«Brexit» et immigration : ce qui va changer (Partie 1)
«Tous les votants pour le Brexit ne sont pas des racistes, pas du tout (…) mais hélas, probablement tous les racistes ont voté pour le Brexit» Par Fayçal Megherbi, avocat au barreau de Paris, et Bernard Schmid, docteur en droit et enseignant.
Il y a quinze jours, la population du Royaume Uni a voté, à 51,9%, en faveur du «Brexit» : pour la sortie britannique de l'Union européenne. Toutes les conséquences de cet événement, qui voit pour la première fois de l'Histoire un pays membre de l'Union lui tourner le dos, ne sont pas encore prévisibles.
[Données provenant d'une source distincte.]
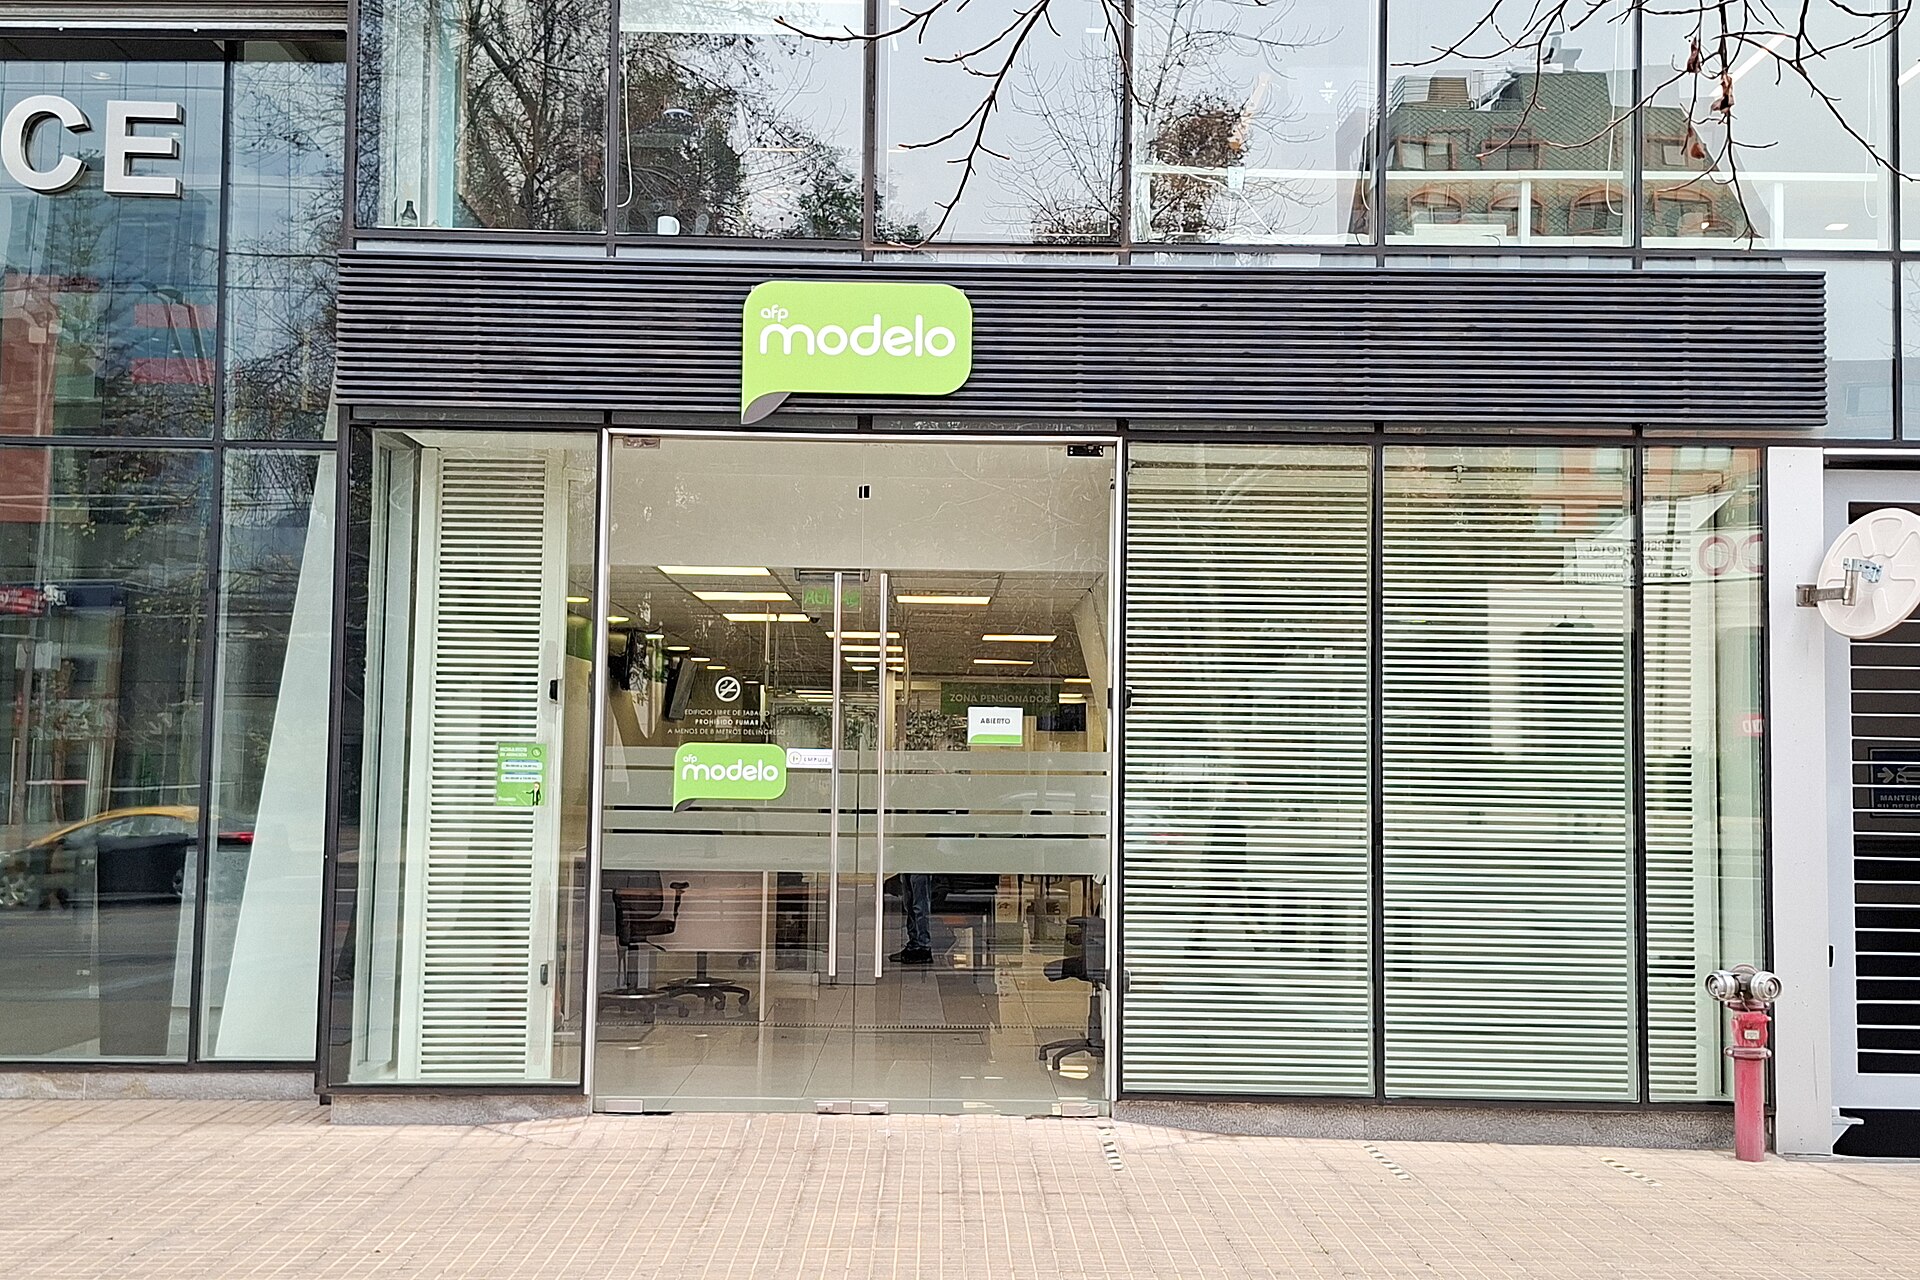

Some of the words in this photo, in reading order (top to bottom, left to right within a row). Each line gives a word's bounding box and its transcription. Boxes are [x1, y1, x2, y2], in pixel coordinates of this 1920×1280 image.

[760, 304, 789, 323] afp
[760, 313, 957, 358] modelo
[950, 693, 978, 702] ZONA
[980, 694, 1051, 703] PENSIONADOS
[695, 718, 734, 726] PROHIBIDO
[980, 717, 1011, 725] ABIERTO
[683, 753, 698, 763] afp
[682, 759, 779, 782] modelo
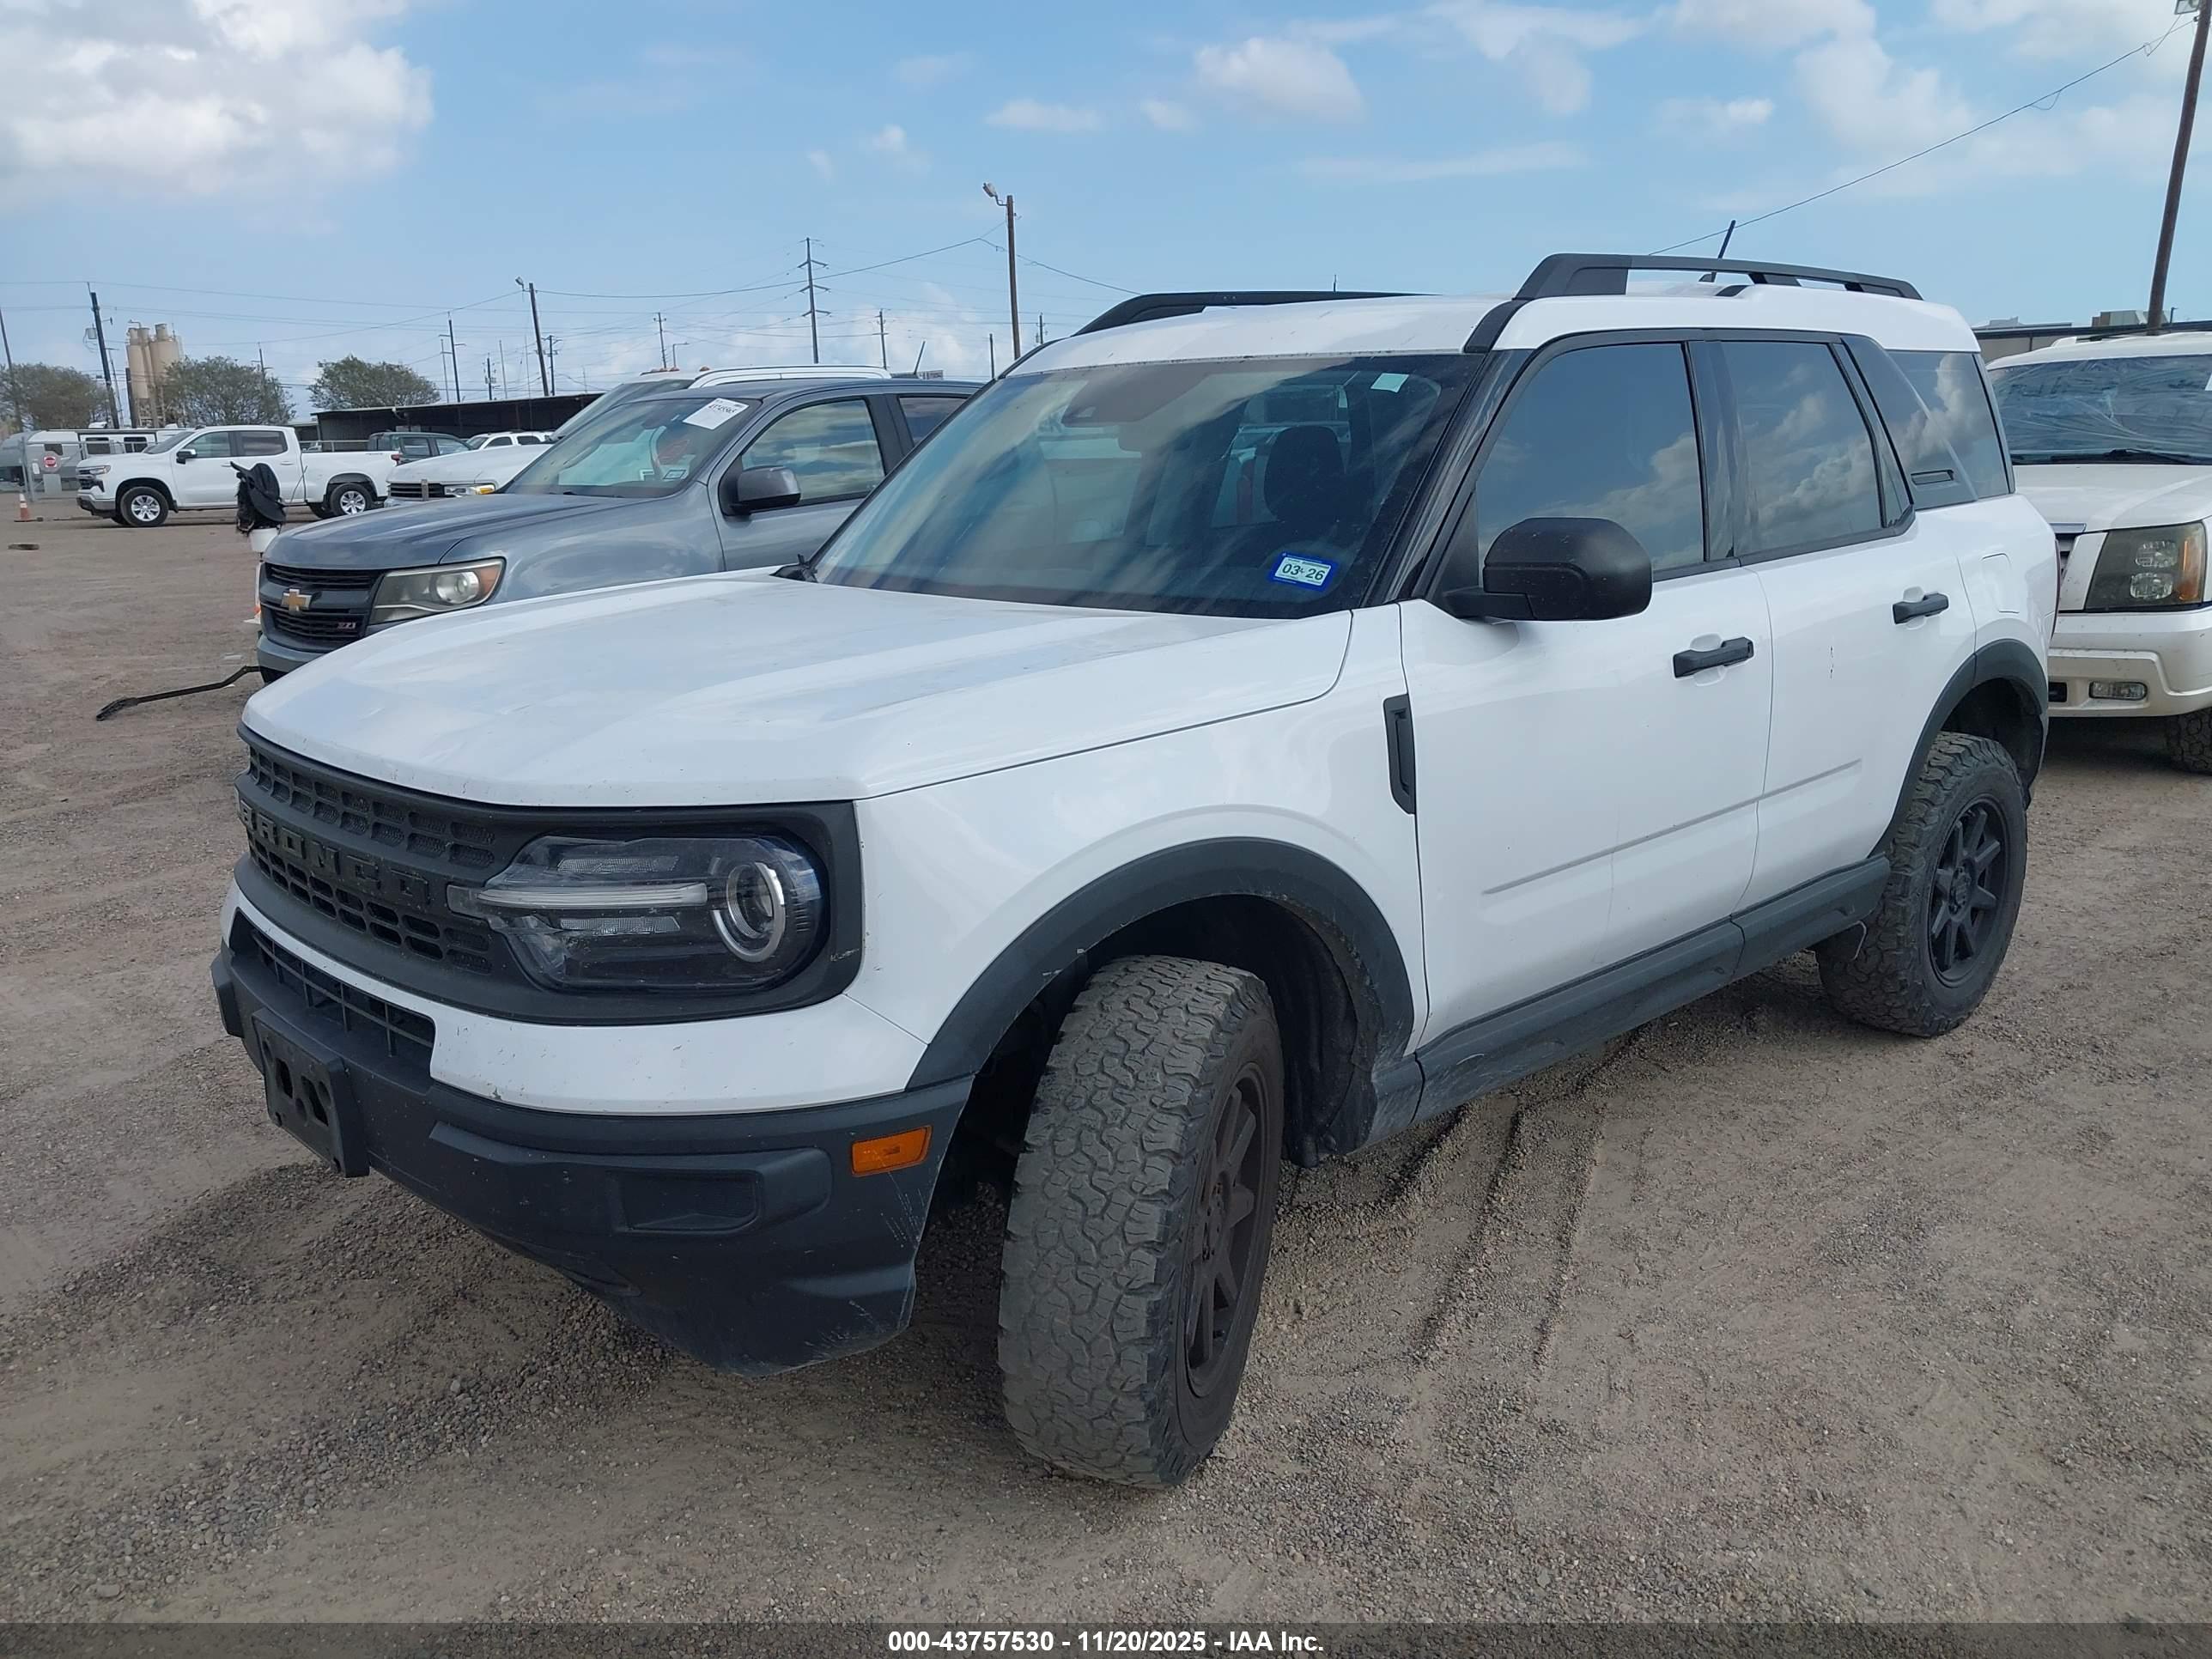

Cela vaut notamment en matière économique. Les premiers jours suivant le vote, les bourses du Royaume Uni, mais aussi du continent avaient d'abord dégringolé ; leurs cours sont cependant remontés en partie. Le Premier ministre français, Manuel Valls, tente d'attirer les entreprises – notamment du secteur financier – qui choisiront de quitter Londres, et de les faire s'installer en région parisienne. Mercredi 06 juillet il a ainsi annoncé une série de mesures fiscales en faveur de telles entreprises. Mais le «chancelier de l'échiquier» (ministre des Finances) britannique, George Osborne, n'entend pas se laisser faire.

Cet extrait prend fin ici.